Question

Show that for a source moving towards an observer equation (2-17) becomes$f_{obs}=f_{source}\sqrt{\frac{1+v/c}{1-v/c}}$

Short answer

The required equation $f_{obs}=f_{source}\sqrt{\frac{1+v/c}{1-v/c}}$is obtained.

Step-by-step solution

Write the given data from the question.

The observer frequency is $f_{obs}$.

The source frequency is$f_{source}$ .

The speed of the source is v.

The speed of the light is c .

Write the formulas to determine the equation which relates the frequency of observer and source.

The expression to calculate the observer frequency in terms of source frequency, speed and speed of light is given as follows.

$f_{obs}=f_{source}\frac{\sqrt{1-{\left(\frac{v}{c}\right)}^2}}{1+\frac{v}{c}cos\theta }$ …(i)

Here,is the angle between the source of light and observer.

Determine the equation which relates the frequency of observer and source.

The angle between the source and observer when the source moving towards the observe is equal to $180°$.

Calculate the observer frequency,

Substitute $180°$for $\theta$into equation (i).

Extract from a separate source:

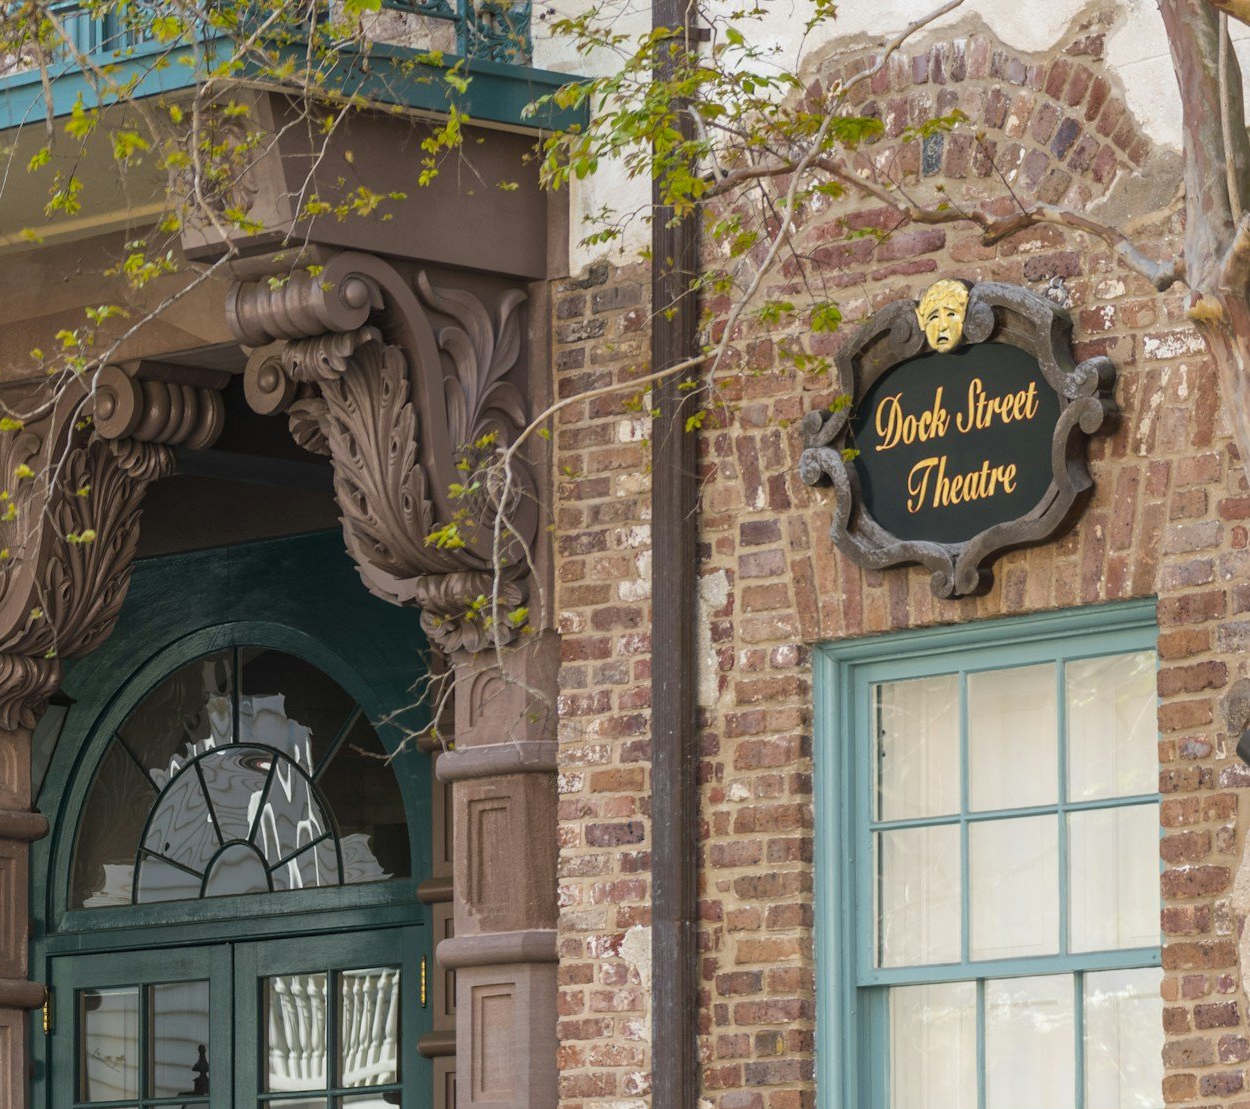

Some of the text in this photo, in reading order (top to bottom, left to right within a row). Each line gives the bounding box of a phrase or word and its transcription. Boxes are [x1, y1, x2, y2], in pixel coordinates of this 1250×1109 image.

$$\begin{gathered} f_{obs}=f_{source}\frac{\sqrt{1-{\left(\frac{v}{c}\right)}^2}}{1+\frac{v}{c}\cos \left(180\right)} \\ {f}_{obs}=f_{source}\frac{\sqrt{1-{\left(\frac{v}{c}\right)}^2}}{1+\frac{v}{c}\left(-1\right)} \\ {f}_{obs}=f_{source}\frac{\sqrt{\left(1-\frac{v}{c}\right)\left(1+\frac{v}{c}\right)}}{1-\frac{v}{c}} \\ {f}_{obs}=f_{source}\frac{\sqrt{\left(1-\frac{v}{c}\right)\left(1+\frac{v}{c}\right)}}{\sqrt{{\left(1-\frac{v}{c}\right)}^2}} \end{gathered}$$

Solve further as,

$$\begin{gathered} f_{obs}=f_{source}\frac{\sqrt{\left(1-\frac{v}{c}\right)\left(1+\frac{v}{c}\right)}}{\sqrt{\left(1-\frac{v}{c}\right)\left(1-\frac{v}{c}\right)}} \\ {f}_{obs}=f_{source}\sqrt{\frac{\left(1+\frac{v}{c}\right)}{\left(1-\frac{v}{c}\right)}} \end{gathered}$$

Hence the required equation ${}_{f_{obs}=fsource\sqrt{\frac{\left({\displaystyle 1+\frac{v}{c}}\right)}{\left({\displaystyle 1-\frac{v}{c}}\right)}}}$is obtained.